*** Opening of RECORDS SHOWN ***

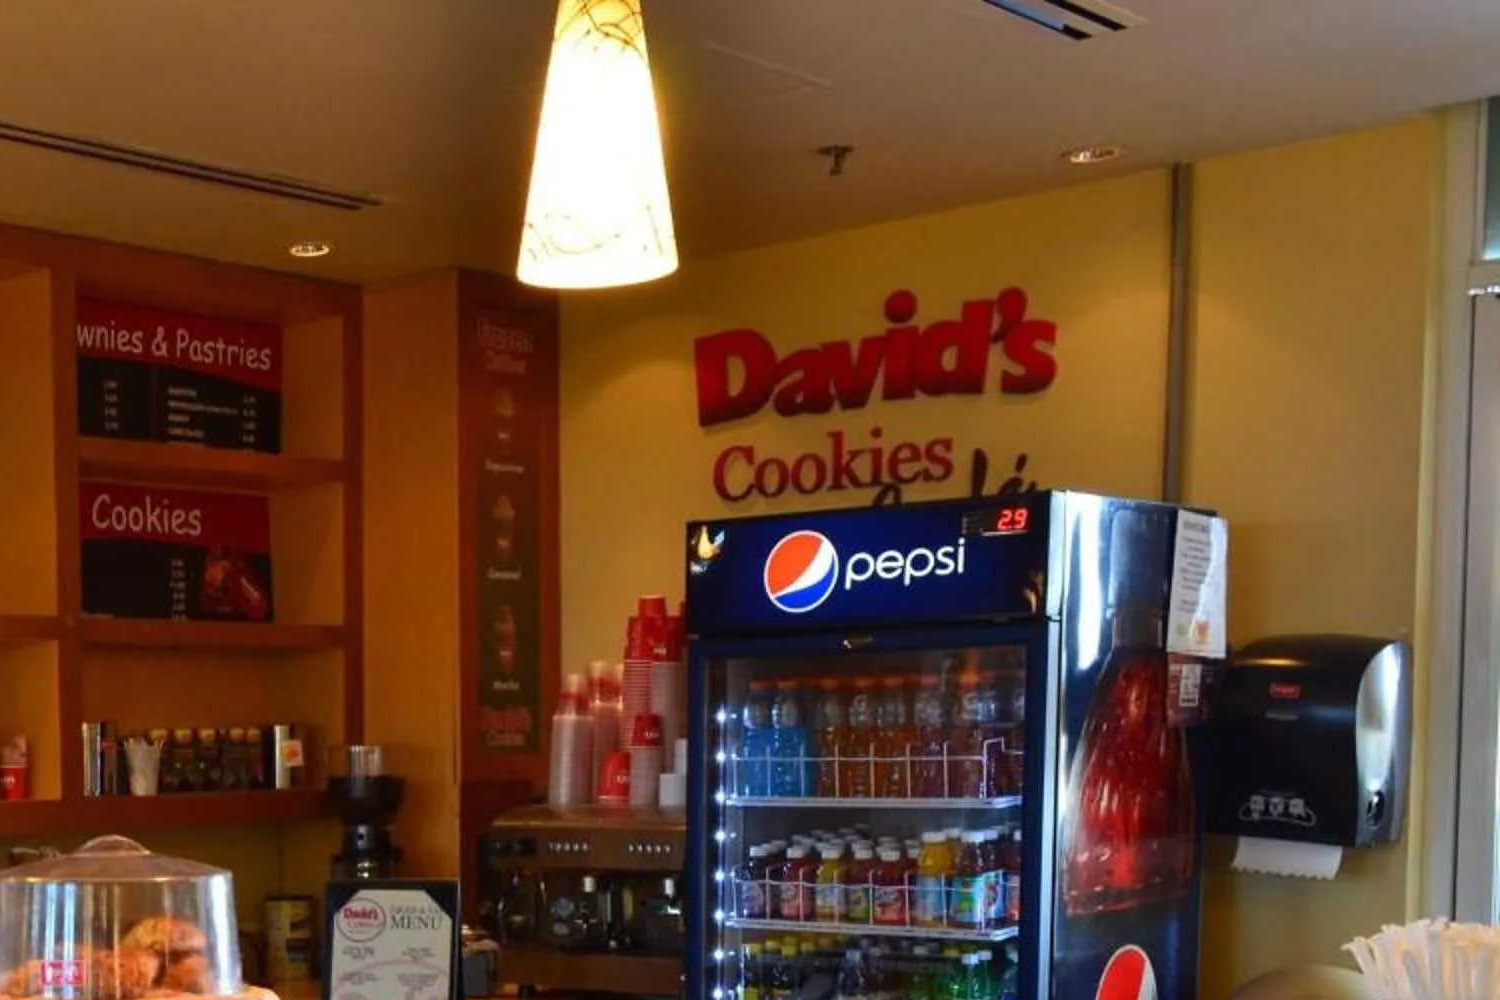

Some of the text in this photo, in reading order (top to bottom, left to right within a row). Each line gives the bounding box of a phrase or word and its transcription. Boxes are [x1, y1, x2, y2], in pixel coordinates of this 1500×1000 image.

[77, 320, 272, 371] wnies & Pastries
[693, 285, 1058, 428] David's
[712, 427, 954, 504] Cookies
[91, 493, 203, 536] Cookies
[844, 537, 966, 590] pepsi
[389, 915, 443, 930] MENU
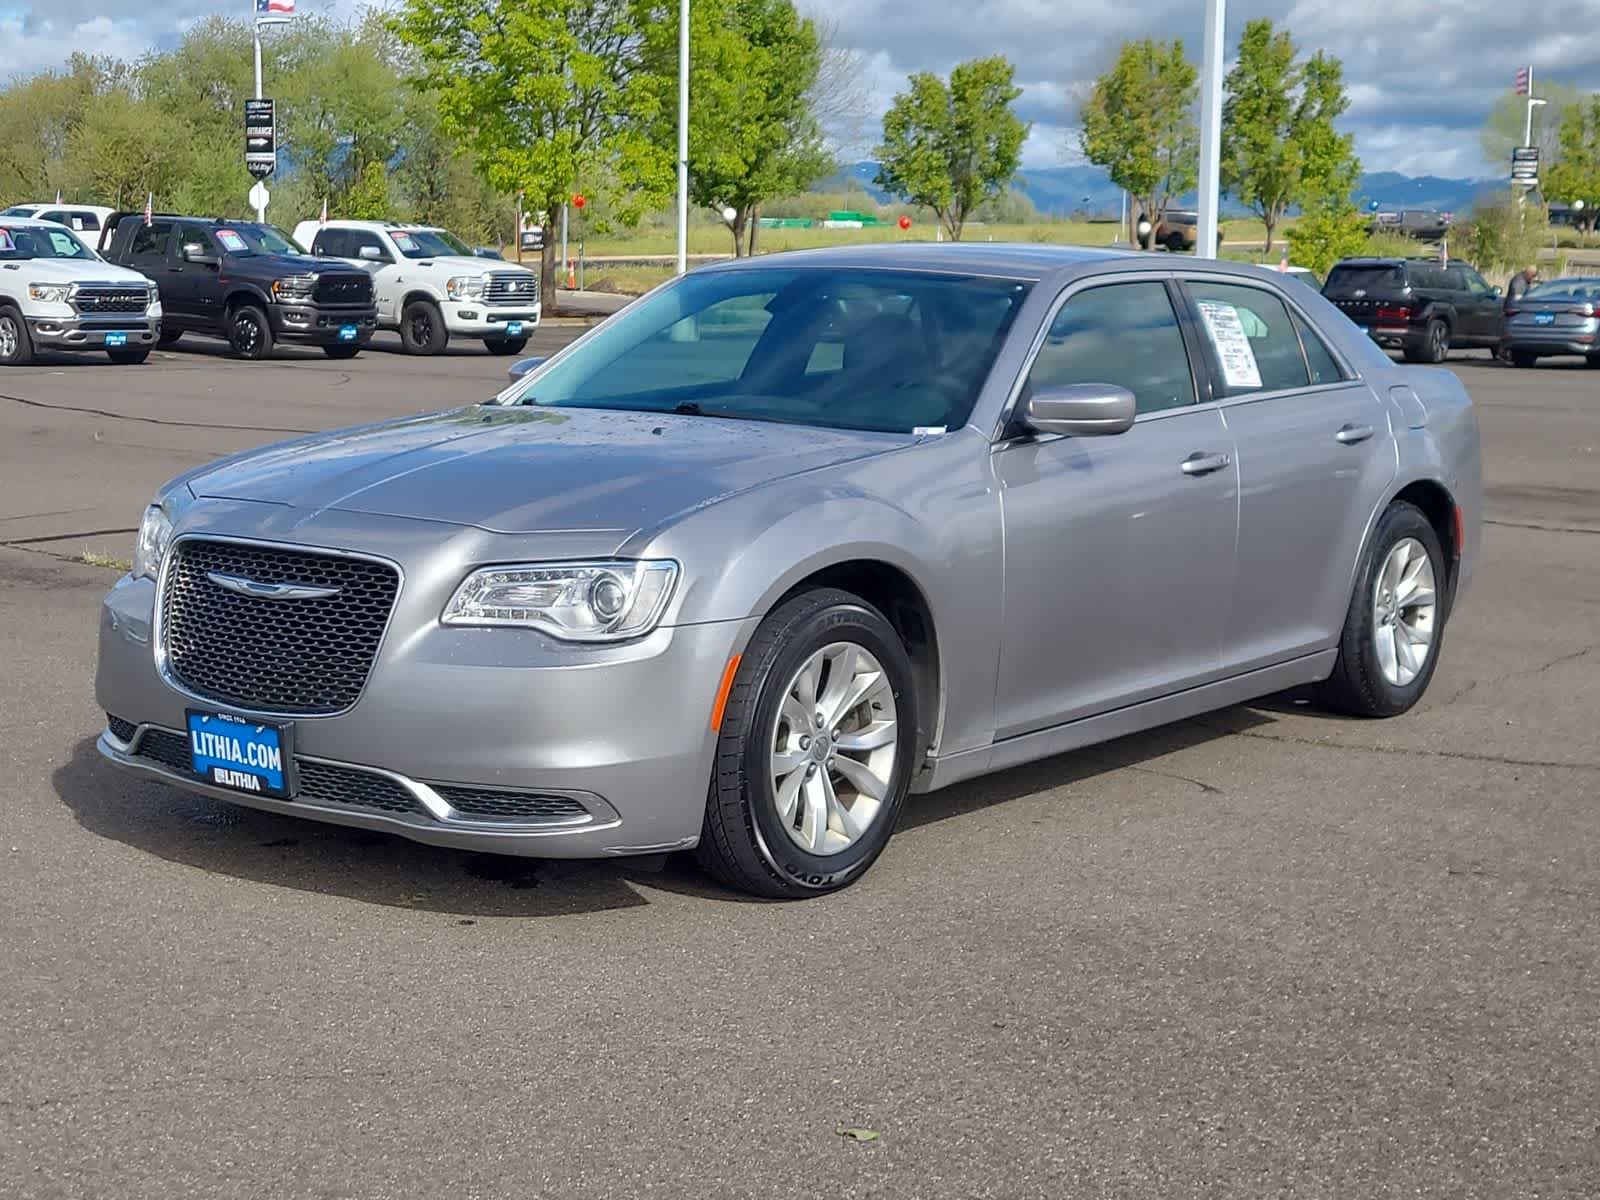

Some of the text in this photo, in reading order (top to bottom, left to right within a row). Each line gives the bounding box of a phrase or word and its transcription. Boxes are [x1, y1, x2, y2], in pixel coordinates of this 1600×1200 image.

*** Close of RECORDS SHOWN ***

- [TASK BRIEF]: Output every entry exactly, leaving out pictures.

- [RESULT]:
Some of the text in this photo, in reading order (top to bottom, left to right within a row). Each line gives the bounding box of a phrase or word and its transcription. Boxes are [x1, y1, x2, y2], in pixel coordinates of this 1500×1000 image.

[77, 320, 272, 371] wnies & Pastries
[693, 285, 1058, 428] David's
[712, 427, 954, 504] Cookies
[91, 493, 203, 536] Cookies
[844, 537, 966, 590] pepsi
[389, 915, 443, 930] MENU

Some of the text in this photo, in reading order (top to bottom, left to right within a row). Each line gives the bounding box of a phrase or word and its transcription. Boxes are [x1, y1, x2, y2], in pixel coordinates of this 1600×1200 image.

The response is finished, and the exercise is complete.